How to have a healthier relationship with food in 2025
The Kitchen Shrink, Dr Andrea Oskis shows how to rethink your connection with food — unpacking its ties to love, comfort, and self-care.

Ever wondered why comfort food really does comfort or why nagging your kids to eat their greens is a guaranteed flop? Psychologist and therapist Dr Andrea Oskis has the answers. Her new book, The Kitchen Shrink: How Food Reveals Who You Are and How You Love (out 30 Jan, 2025), dives deep into the fascinating psychology of food and relationships. From the emotional weight of shared meals to the surprising science behind desert cravings, Dr Oskis shows us that what’s on our plate speaks volumes about our hearts. Here, she shares her insights on love, loss, and why gifting hot sauce isn’t always a good idea…
You’ve said, “The food we eat reveals a lot about how we love.” Explain…
One of the most memorable moments was with a client who shared that her partner had stopped eating dinner with her. She told me, “It wasn’t when we stopped having sex—it was when he stopped eating dinner with me.” That was her lightbulb moment, and mine, too. It struck me that food rituals are often at the heart of how we connect with others. Meals aren’t just about eating; they’re about belonging, sharing, and feeling cared for. When those rituals break down, it can feel like the relationship itself is unravelling.
Why do you think sharing a meal is so closely tied to love and intimacy?
Because it’s where it all begins. Feeding is one of the earliest acts of love we experience, right from infancy. It’s about trust, care, and belonging. On a primal level, sharing food was once tied to survival – if you weren’t part of the tribe, you didn’t get fed. That sense of connection is still deeply rooted in us. Sitting down to share a meal isn’t just about eating; it’s a way of saying, “I’m here for you.”
What’s the science behind comfort food?
It’s partly biological and partly psychological. Biologically, comfort food triggers our brain’s reward system, flooding us with feel-good chemicals like dopamine. It also inhibits cortisol, our stress hormone, so we feel less frazzled. Psychologically, comfort food often takes us back to happy memories, maybe your mum’s Sunday roast or the spaghetti you always ate as a kid. It’s not just the food; it’s the emotional safety net it represents.
You mention that dessert isn’t a good idea when we’re stressed –devastating news for chocoholics everywhere! Why?

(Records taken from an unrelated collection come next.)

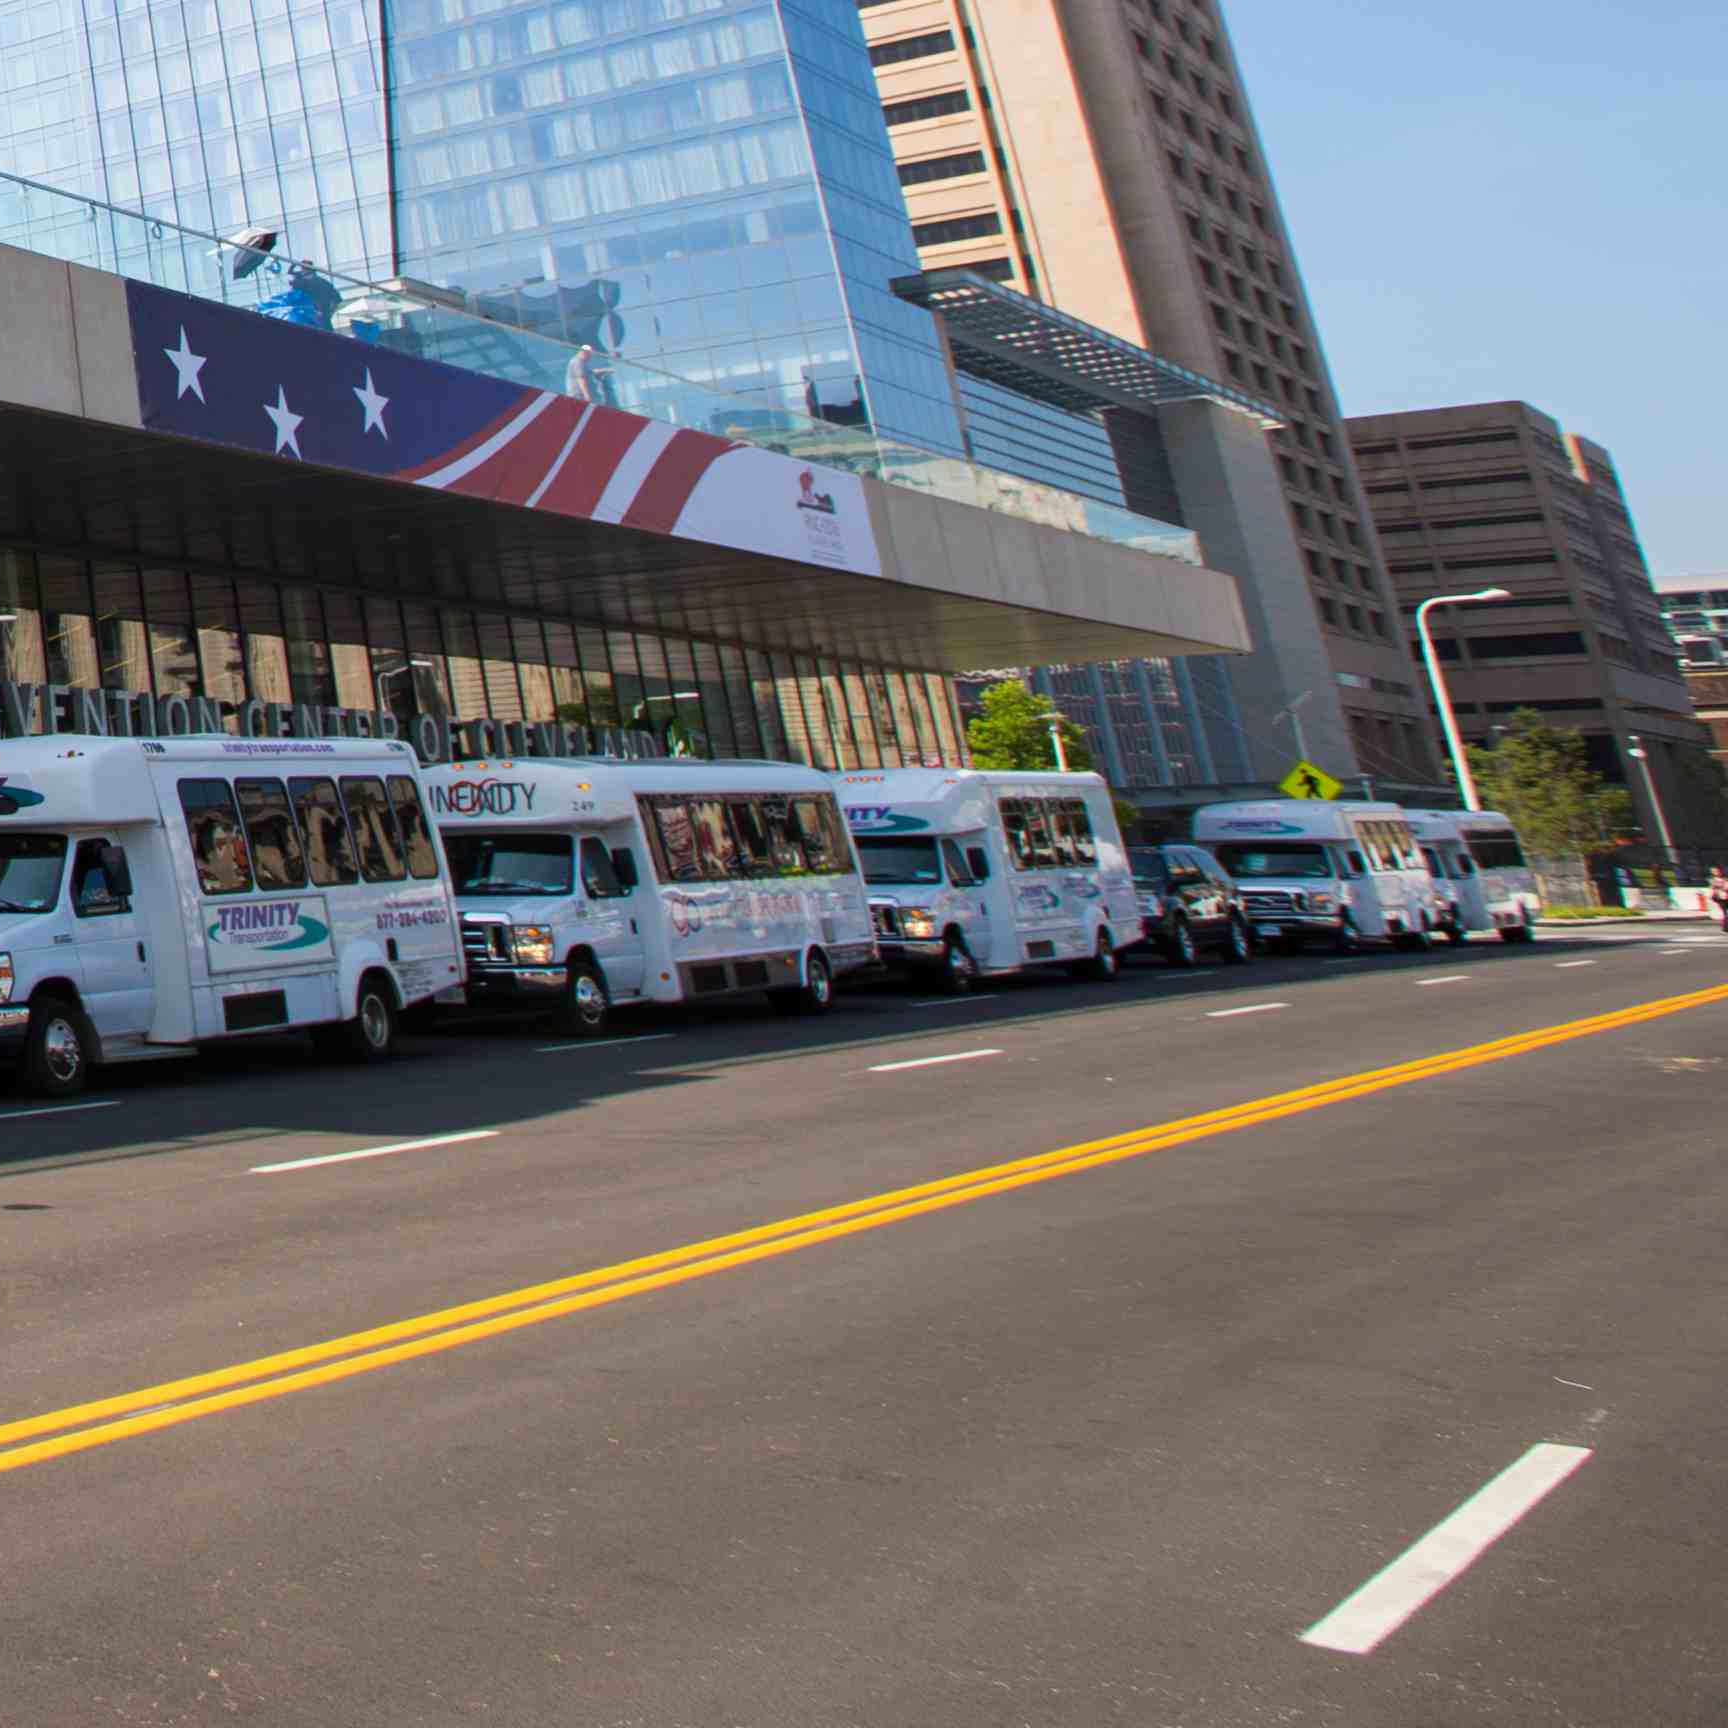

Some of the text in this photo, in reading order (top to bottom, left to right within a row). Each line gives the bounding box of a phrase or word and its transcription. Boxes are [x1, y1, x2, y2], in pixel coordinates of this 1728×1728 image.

[243, 700, 399, 739] CENTER
[415, 713, 459, 761] OF
[471, 718, 657, 760] CLEVELAND
[570, 800, 594, 812] 249
[217, 902, 302, 931] TRINITY
[228, 928, 289, 945] Transportation

I know, it’s a tough pill to swallow! But when we’re stressed, our bodies go into fight-or-flight mode, prioritising survival over digestion. Eating during this state can actually backfire, making us feel worse. The best thing to do is wait until your stress levels come down – then enjoy your chocolate guilt-free.
Why do parents nagging kids to “eat their greens” often backfire?
Nagging turns mealtimes into a power struggle. Kids use food as one of the few areas they can exert control, so forcing the issue only makes them dig their heels in. Instead, try making food fun and engaging. Explore textures, colours, and tastes together, and let them have a say in what’s on their plate. It’s all about creating a positive, stress-free relationship with food.
What’s the story behind never gifting hot sauce to someone who’s been rejected? (Asking for a friend…)
This comes from a fascinating psychology experiment called the “hot sauce paradigm,” where participants who felt rejected were given the chance to dole out hot sauce to the person who hurt them. The amount of hot sauce they used correlated with their level of aggression. It’s a quirky yet powerful reminder of how rejection can amplify anger and hurt feelings. So maybe skip the fiery condiments next time!
You’ve woven your personal experiences of love and loss into the book. How did your relationship with food change?
After a miscarriage, I found myself craving the foods of my childhood – simple, comforting dishes like spaghetti with tomato sauce. It wasn’t about the food itself but the memories and emotions tied to it. I was longing for the connection and safety I felt as a child, and food became my emotional barometer. It’s a reminder that food is never just fuel; it’s deeply tied to our feelings.

Do you think we all need a little “food therapy”?
Absolutely. Start by asking yourself, “What am I really hungry for?” Is it food, or is it connection, comfort, or a moment to pause? Being reflective about your cravings can reveal so much about what’s really going on emotionally. Also, consider how you share food, whether you enjoy eating with others or prefer to keep it private. Those dynamics can say a lot about how you navigate relationships.
Finally, what’s your ultimate guilty pleasure food? (We promise not to psychoanalyse you!)
A 99 from the ice cream van! There’s something so joyful about hearing that jingle and rushing to grab one. It’s not just the ice cream, it’s the nostalgia, the excitement, and the feeling of being treated. It’s a small, delicious reminder that sometimes food is just about joy.

Dr Andrea Oskis’ The Kitchen Shrink: How Food Reveals Who You Are and How You Love is out Jan 30, 2025, published by Bloomsbury.